This page gives you complete TCP internals: the state machine, the wire format, congestion control algorithms from Tahoe to BBR, and the practical implications for production systems.
Why TCP Exists: The Reliability Problem
IP is unreliable. It makes best-effort delivery of packets — packets can be lost, duplicated, reordered, and corrupted. This is not a bug; it is a deliberate design choice that keeps the network core simple and fast. Reliability is pushed to the endpoints.
TCP was designed in 1974 (RFC 675) and standardized in 1981 (RFC 793) to provide:
- Reliable delivery: every byte sent is eventually received, or the sender is notified of failure
- In-order delivery: bytes arrive in the order they were sent, regardless of how packets were routed
- Flow control: the sender does not overwhelm the receiver's buffer
- Congestion control: the sender does not overwhelm the network itself
These four guarantees come at a cost: TCP maintains significant state at both endpoints, and that state requires handshakes to establish and teardown to clean up.
The TCP Segment Header
Every TCP segment has a 20-byte minimum header (up to 60 bytes with options):
0 1 2 3
0 1 2 3 4 5 6 7 8 9 0 1 2 3 4 5 6 7 8 9 0 1 2 3 4 5 6 7 8 9 0 1
+-+-+-+-+-+-+-+-+-+-+-+-+-+-+-+-+-+-+-+-+-+-+-+-+-+-+-+-+-+-+-+-+
| Source Port | Destination Port |
+-+-+-+-+-+-+-+-+-+-+-+-+-+-+-+-+-+-+-+-+-+-+-+-+-+-+-+-+-+-+-+-+
| Sequence Number |
+-+-+-+-+-+-+-+-+-+-+-+-+-+-+-+-+-+-+-+-+-+-+-+-+-+-+-+-+-+-+-+-+
| Acknowledgment Number |
+-+-+-+-+-+-+-+-+-+-+-+-+-+-+-+-+-+-+-+-+-+-+-+-+-+-+-+-+-+-+-+-+
| Data | |U|A|P|R|S|F| |
| Offset| Reserved |R|C|S|S|Y|I| Window |
| | |G|K|H|T|N|N| |
+-+-+-+-+-+-+-+-+-+-+-+-+-+-+-+-+-+-+-+-+-+-+-+-+-+-+-+-+-+-+-+-+
| Checksum | Urgent Pointer |
+-+-+-+-+-+-+-+-+-+-+-+-+-+-+-+-+-+-+-+-+-+-+-+-+-+-+-+-+-+-+-+-+
| Options | Padding |
+-+-+-+-+-+-+-+-+-+-+-+-+-+-+-+-+-+-+-+-+-+-+-+-+-+-+-+-+-+-+-+-+
| data |
+-+-+-+-+-+-+-+-+-+-+-+-+-+-+-+-+-+-+-+-+-+-+-+-+-+-+-+-+-+-+-+-+Field Breakdown
| Field | Size | Purpose |
|---|---|---|
| Source Port | 16 bits | Ephemeral port of sender (1024–65535 typically) |
| Destination Port | 16 bits | Well-known port of service (80, 443, 5432, etc.) |
| Sequence Number | 32 bits | Byte offset of first byte in this segment; wraps around |
| Acknowledgment Number | 32 bits | Next byte the receiver expects; cumulative ACK |
| Data Offset | 4 bits | Header length in 32-bit words; minimum 5 (20 bytes) |
| URG | 1 bit | Urgent pointer is valid (rarely used) |
| ACK | 1 bit | Acknowledgment field is valid |
| PSH | 1 bit | Push data to application immediately (bypass buffer) |
| RST | 1 bit | Reset the connection |
| SYN | 1 bit | Synchronize sequence numbers (connection setup) |
| FIN | 1 bit | Finished sending (connection teardown) |
| Window | 16 bits | Receive window size (bytes sender can send unacked) |
| Checksum | 16 bits | Error detection over header + data + pseudo-header |
| Urgent Pointer | 16 bits | Offset to urgent data (when URG is set) |
| Options | 0–320 bits | MSS, window scale, SACK, timestamps, etc. |
Key insight about sequence numbers: The sequence number space is 32 bits (0 to 4,294,967,295).

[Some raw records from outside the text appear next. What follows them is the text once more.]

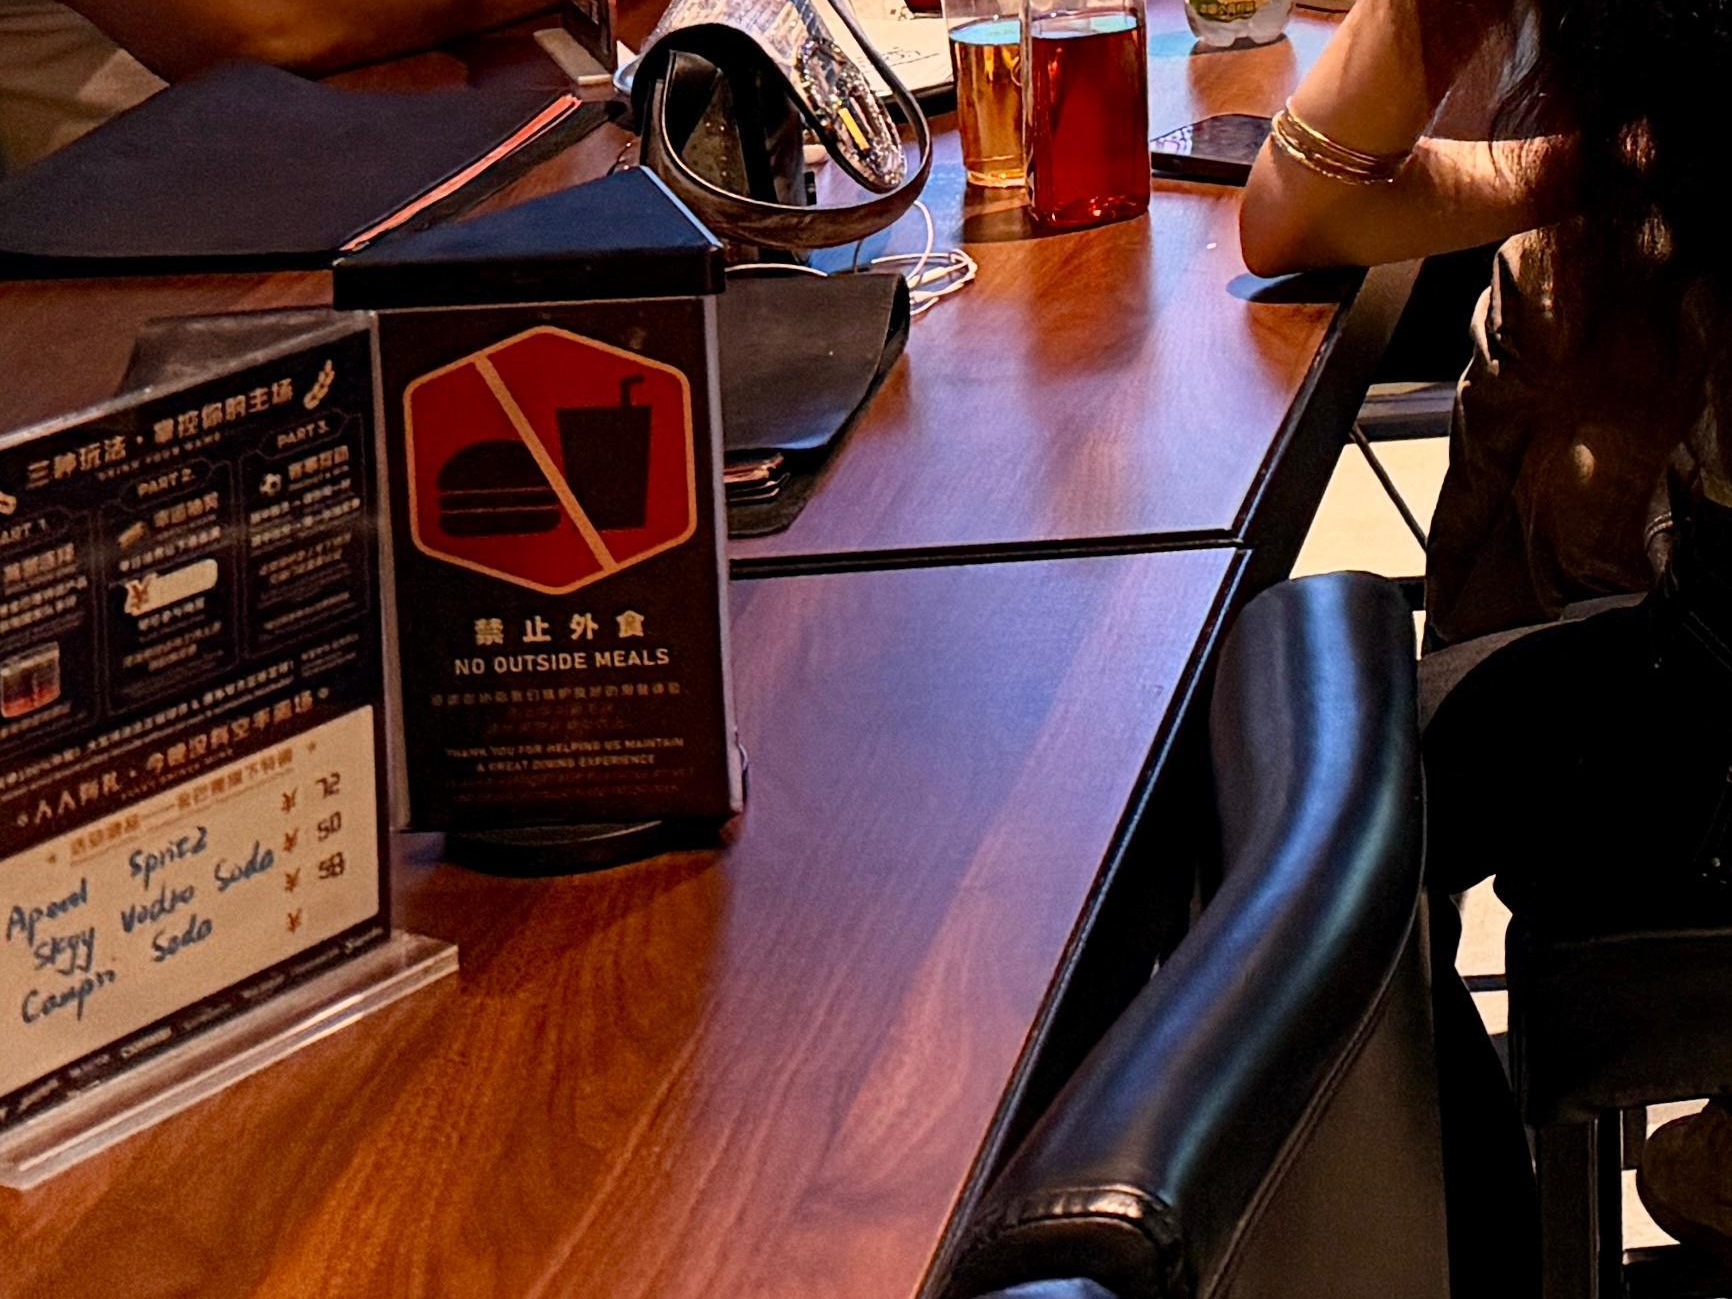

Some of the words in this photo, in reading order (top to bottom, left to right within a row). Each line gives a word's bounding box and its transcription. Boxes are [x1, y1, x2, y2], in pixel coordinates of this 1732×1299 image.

[473, 608, 646, 647] 禁止外食
[454, 657, 486, 677] NO
[494, 651, 588, 675] OUTSIDE
[595, 647, 671, 669] MEALS
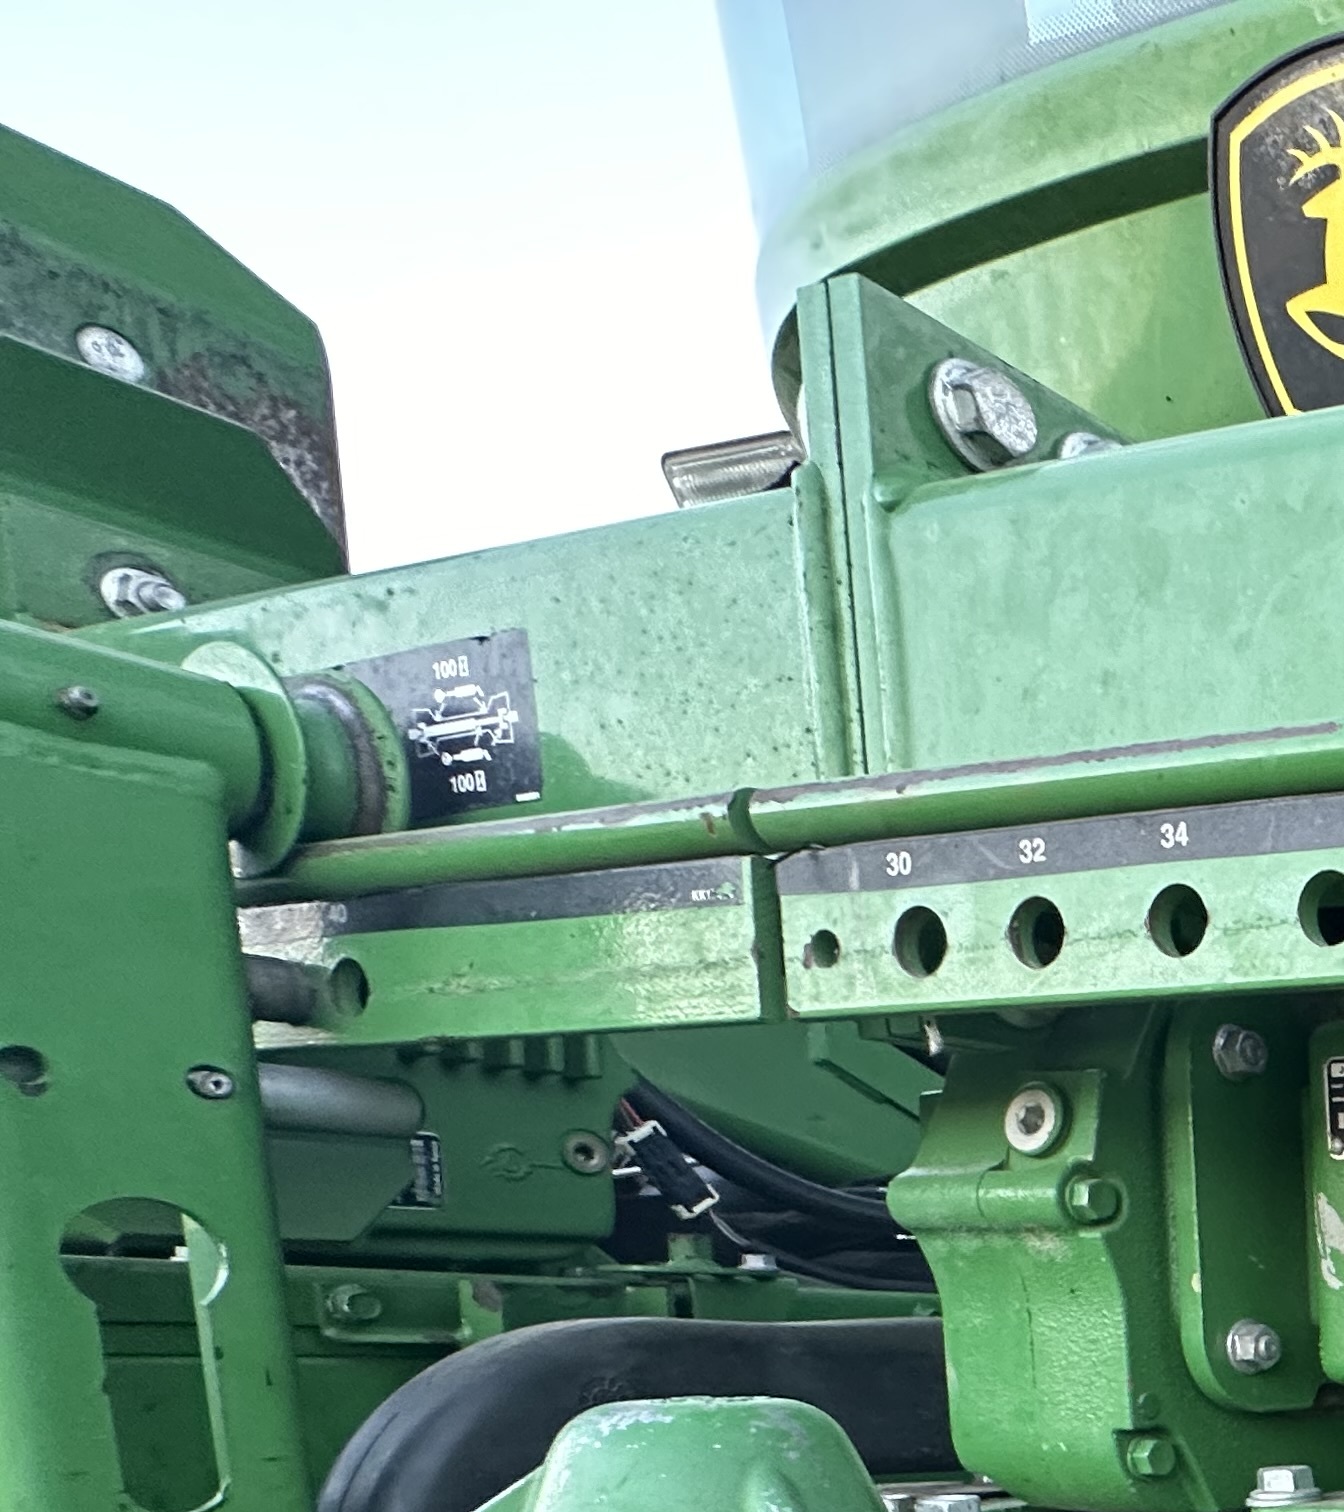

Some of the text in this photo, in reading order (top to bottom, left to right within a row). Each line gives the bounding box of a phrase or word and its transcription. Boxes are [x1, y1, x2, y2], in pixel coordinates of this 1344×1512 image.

[885, 821, 1189, 877] 30 32 34

At 10 Gbps with 1500-byte segments, you exhaust the sequence number space in about 51 seconds. This is why TCP timestamps (RFC 7323) are essential for high-bandwidth connections — they allow the receiver to distinguish between segments from different "laps" of the sequence number space.
The TCP State Machine
TCP has 11 states. Understanding this state machine is essential for debugging connection issues and understanding why TIME_WAIT exists.
The Three-Way Handshake
Connection establishment requires 1.5 RTTs (the ACK to the SYN+ACK is piggybacked on the first data segment in practice):
Why a three-way handshake and not two-way? The server needs to confirm that the client received the server's sequence number. A two-way handshake would leave the server unable to detect whether its SYN+ACK was lost (and thus whether the client's sequence number is synchronized). The third message (ACK) confirms bidirectional synchronization.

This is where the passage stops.